MOTORING HOLIDAY IN NORTH EAST INDIA

By H V KUMAR

kumar_hv@hotmail.com

 

H V Kumar and his friends drove all the way from Mumbai to visit the 7 sisters of North East India in November-December 2001 by car. This is their story.

 

PT Tso Lake, near Tawang, Arunachal Pradesh

Guns. Gun running. Terrorists. Kidnapping. This is what we were told.

Post card sceneries. Exotic destinations. Friends. This is the story we will tell you.

A motoring holiday in North East India in the winter of 2001. Driving down from Mumbai, we covered 15 states and 10,000 kms in 18 days. 2 days driving by night, the remaining 16 days in 16 different places – we never woke up looking at the same ceiling again! Most of the days, we witnessed the glorious sunrises and equally spectacular sunsets. Sounds implausible by Indian motoring standards, but believe me, this was no rally, it was the tourist’s day (or is it days) out!

We were driving a Daewoo Matiz car out of Mumbai. No, we did not head straight out to Kolkata, but we went down to the fertile basins of the River Krishna and Godavari in Andhra Pradesh, via Hyderabad and Vijayawada. Then the drive up the East Coast to seek the blessings of Lord Jagannath at Puri in Orissa. We navigated Kolkata’s Park Street and Chittaranjan Avenue in evening peak hour conditions, a map on the lap and the memories of a visit over 15 years ago.

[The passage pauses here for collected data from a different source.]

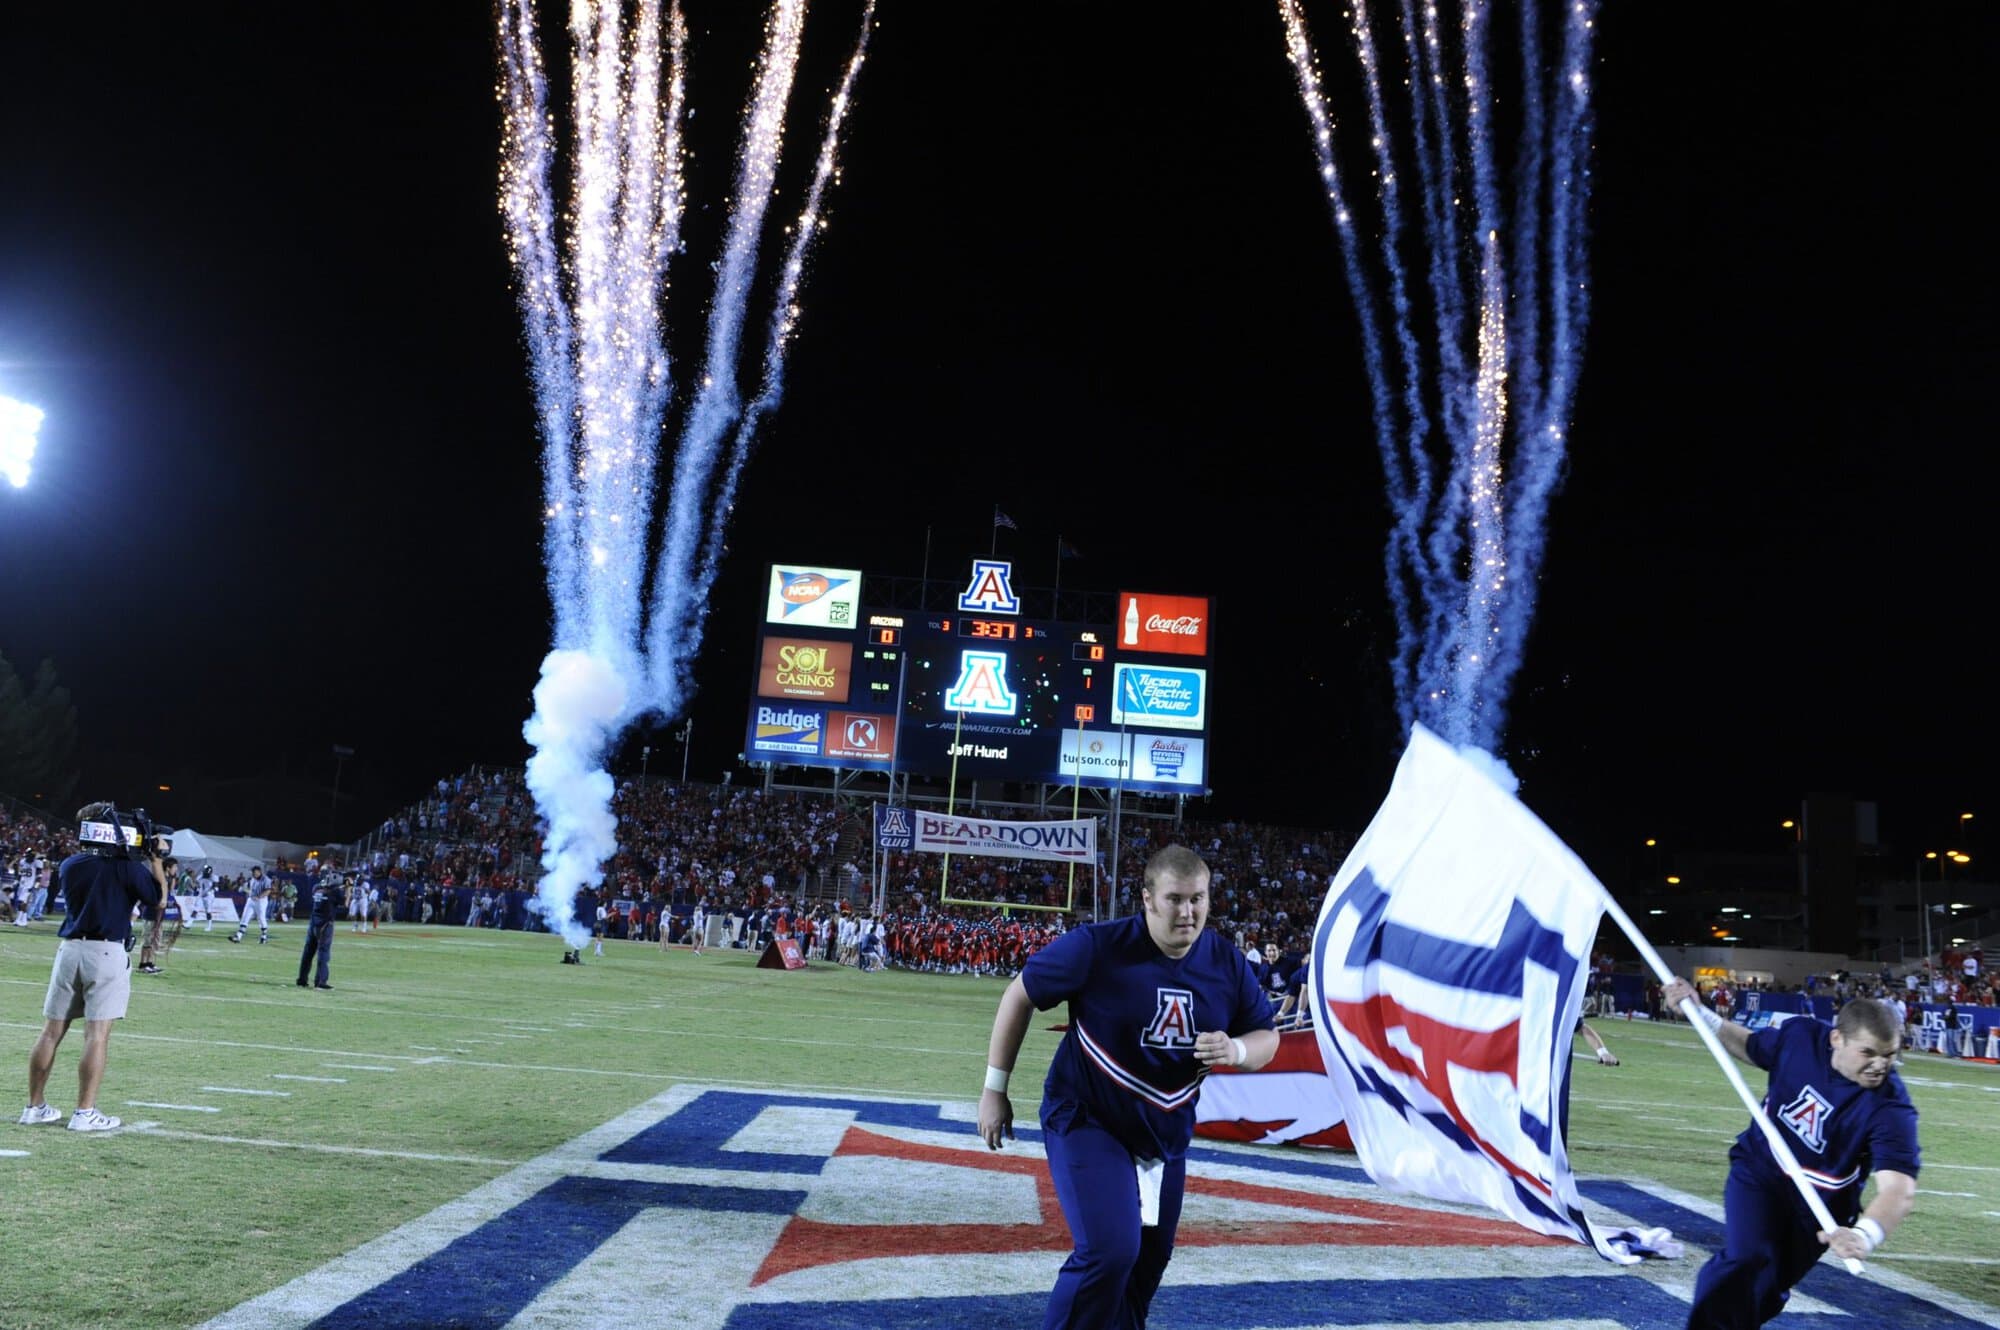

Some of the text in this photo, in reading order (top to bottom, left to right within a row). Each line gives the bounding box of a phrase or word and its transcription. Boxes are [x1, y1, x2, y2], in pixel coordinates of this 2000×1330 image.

[788, 585, 821, 597] NCAA
[958, 559, 1021, 615] A
[942, 620, 950, 631] 3
[971, 621, 1015, 639] 3:37
[1024, 627, 1034, 638] 3
[881, 630, 894, 643] 0
[777, 645, 836, 677] SOL
[1090, 646, 1103, 660] 0
[776, 672, 836, 689] CASINOS
[945, 650, 1017, 716] A
[1139, 673, 1182, 689] Tucson
[1143, 686, 1192, 700] Electric
[1147, 698, 1191, 711] Power
[758, 706, 822, 732] Budget
[974, 745, 1008, 759] Hund
[880, 807, 911, 836] A
[880, 837, 910, 848] CLUB
[997, 826, 1088, 849] DOWN
[1140, 987, 1200, 1049] A
[1777, 1083, 1834, 1154] A
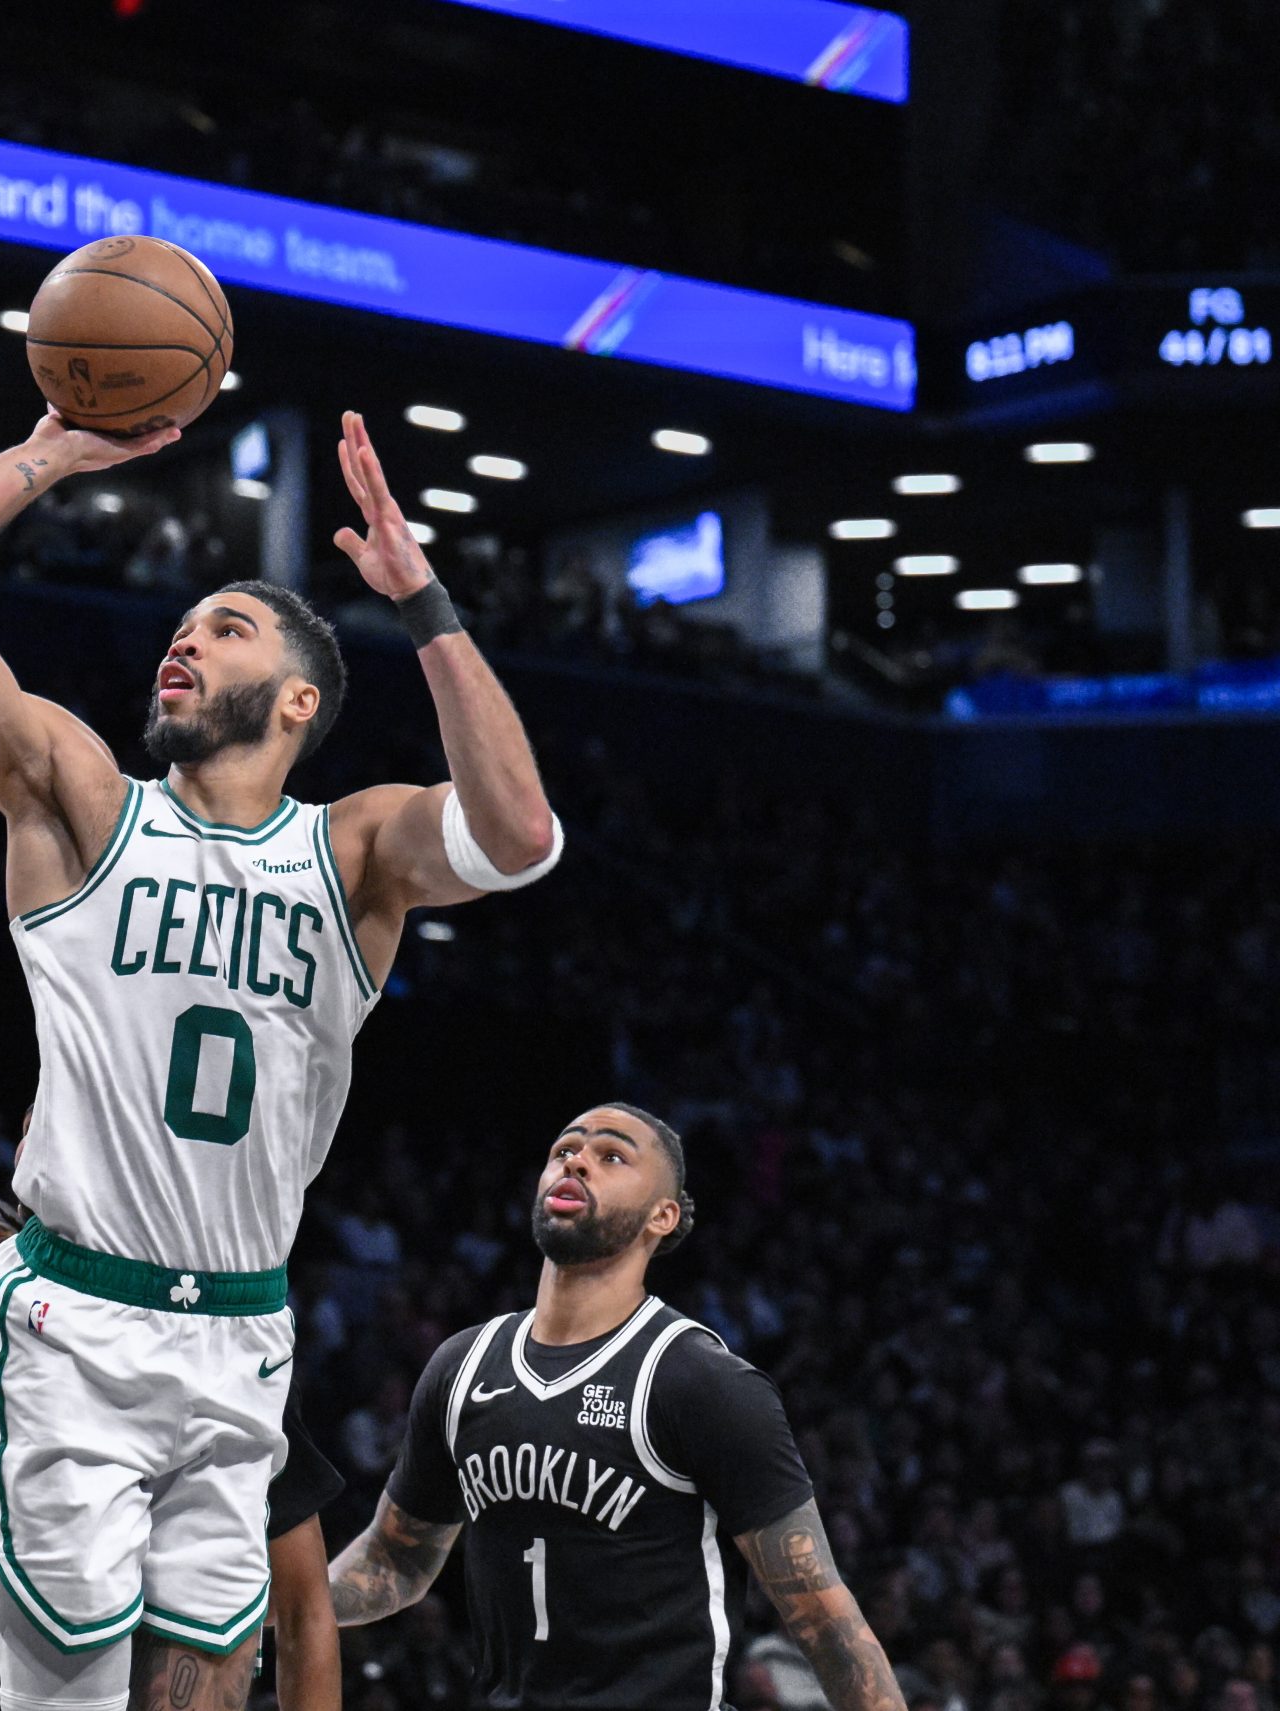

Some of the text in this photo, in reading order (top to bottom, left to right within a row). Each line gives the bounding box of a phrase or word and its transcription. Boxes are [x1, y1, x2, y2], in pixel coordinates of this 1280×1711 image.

[74, 181, 143, 238] the
[252, 857, 313, 875] Amica
[110, 876, 324, 1009] CELTICS
[163, 1004, 257, 1145] 0
[577, 1411, 626, 1429] GUIDE
[582, 1397, 626, 1415] YOUR
[583, 1384, 614, 1399] GET
[458, 1443, 646, 1531] BROOKLYN
[523, 1537, 549, 1641] 1
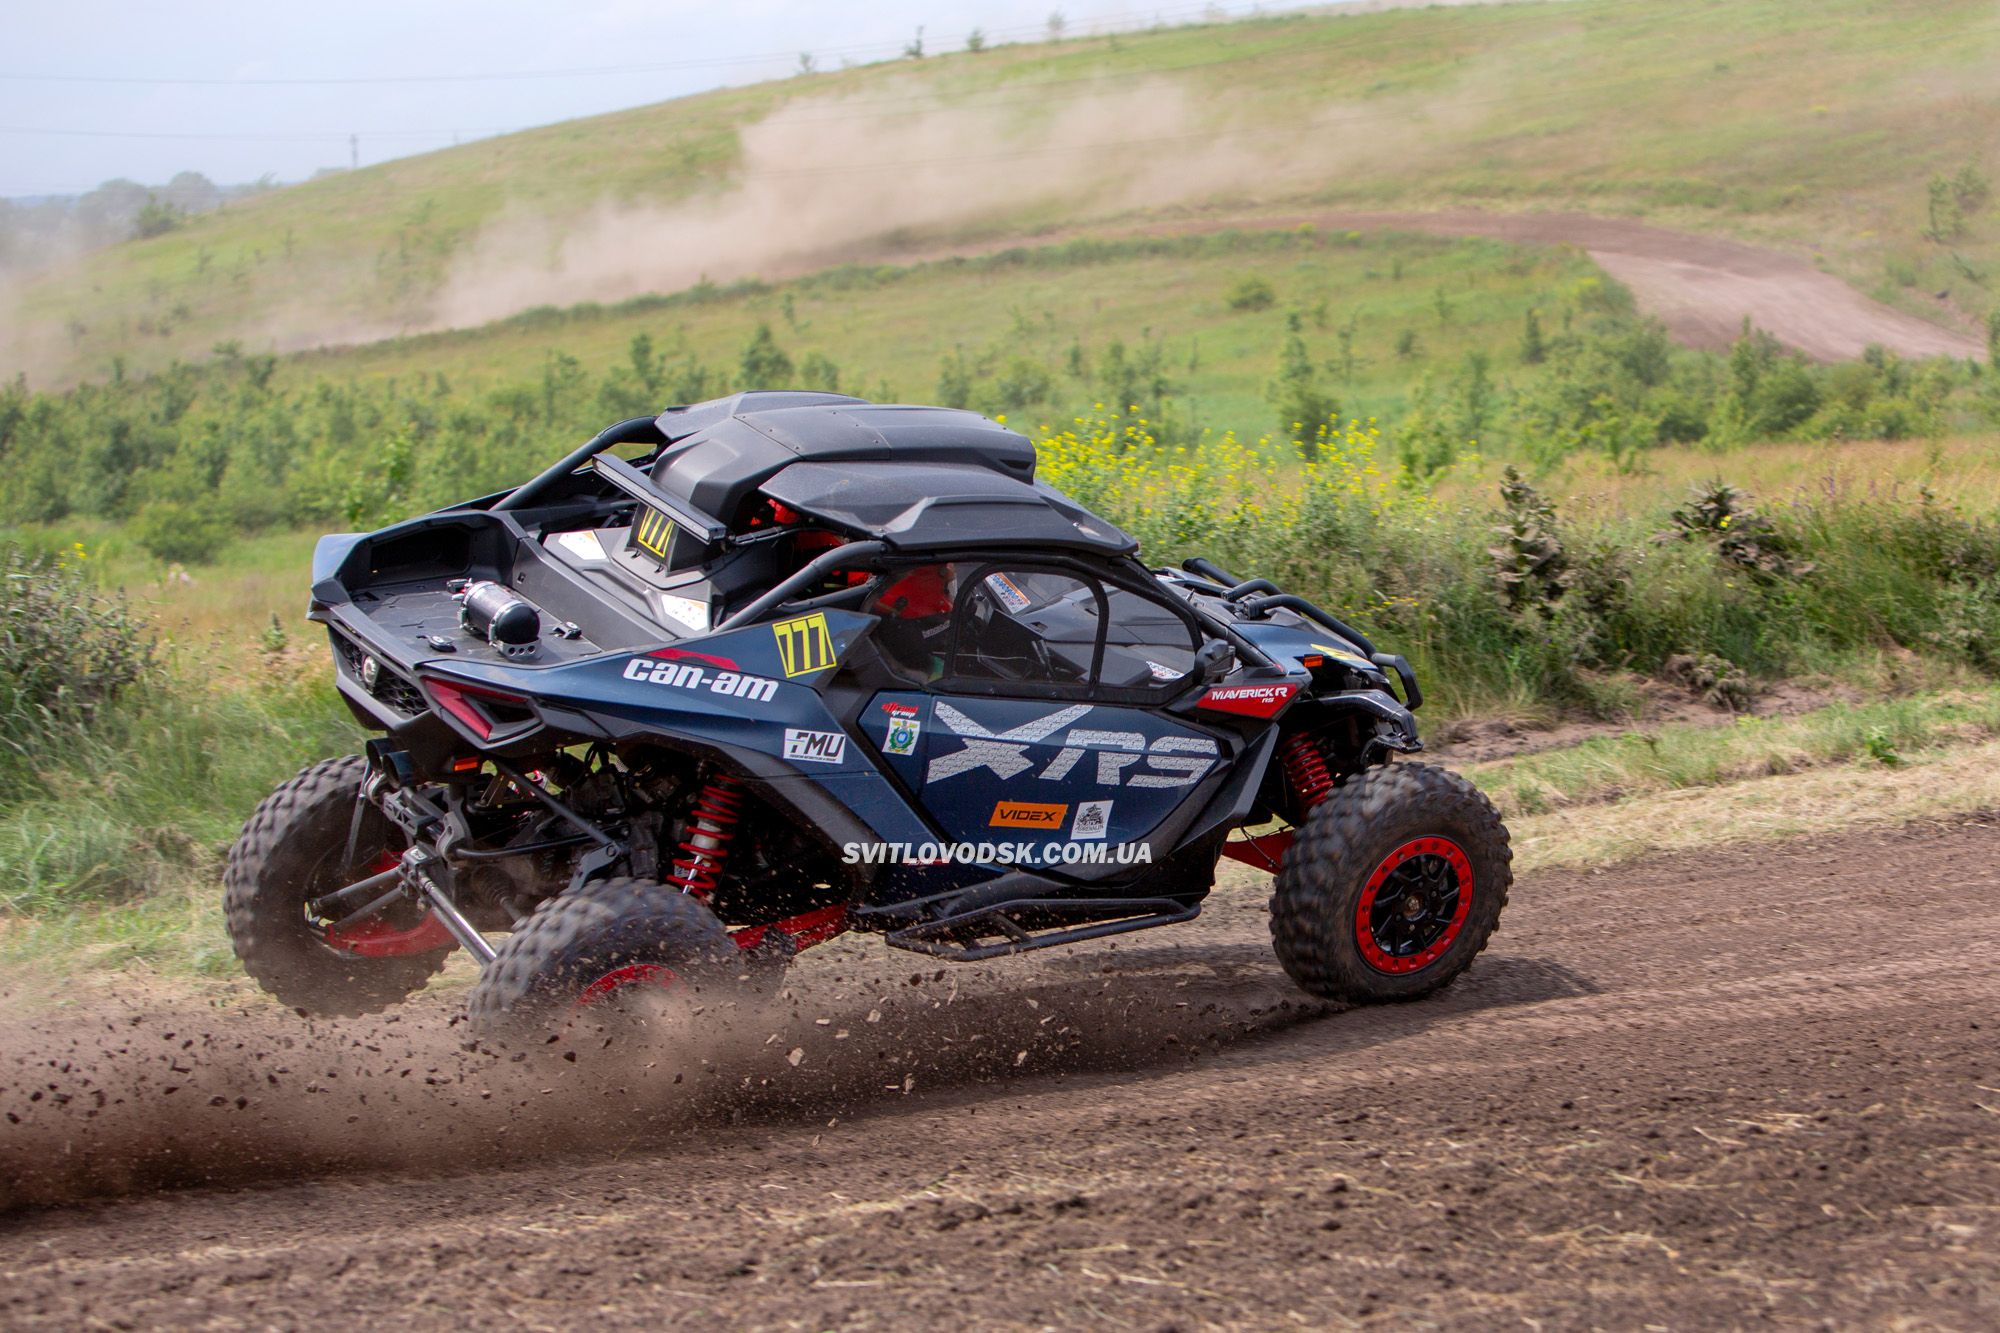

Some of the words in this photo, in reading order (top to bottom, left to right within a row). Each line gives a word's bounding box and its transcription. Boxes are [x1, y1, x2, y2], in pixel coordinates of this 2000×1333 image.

En route to Siliguri, Bengal is a conveyor belt of paddy fields and we almost mistake the River Ganga at Farakka for the Arabian Sea, so wide and blue that it is flowing through the 100 plus sluice gates to Bangladesh on the other side. You ponder on the meaning of river civilisations.

The gateway to the North East is arguably Siliguri. Go north, and you climb up to Darjeeling and Sikkhim, straight East is the plains of Assam. Startled by our fog lamps perhaps, an elephant charged at us when we were whizzing by the Jaldapara and Buxar wild life sanctuaries. Luckily, we ducked just in time and dodged the grey largeness that lunged at us in the darkness. The Bengal Police dissuaded us from venturing into Assam in the night, and so we held the border post in a resort hotel in the village of Barobisha.

Our arrival in Assam the next day morning was not entirely uneventful – An encounter with a certain "Inspector Rana" unpleasantly reminded us that Assam is being torn between internal conflicts – the Bodos on the North Bank of the River Brahmaputra, the ULFA on the South. Luckily for us, we assuaged his bruised ego. Some more miles down the road, almost on Guwahati, a mob waylaid us and politely extracted "donations" (we did not want to test their behavioral responses when impolite!).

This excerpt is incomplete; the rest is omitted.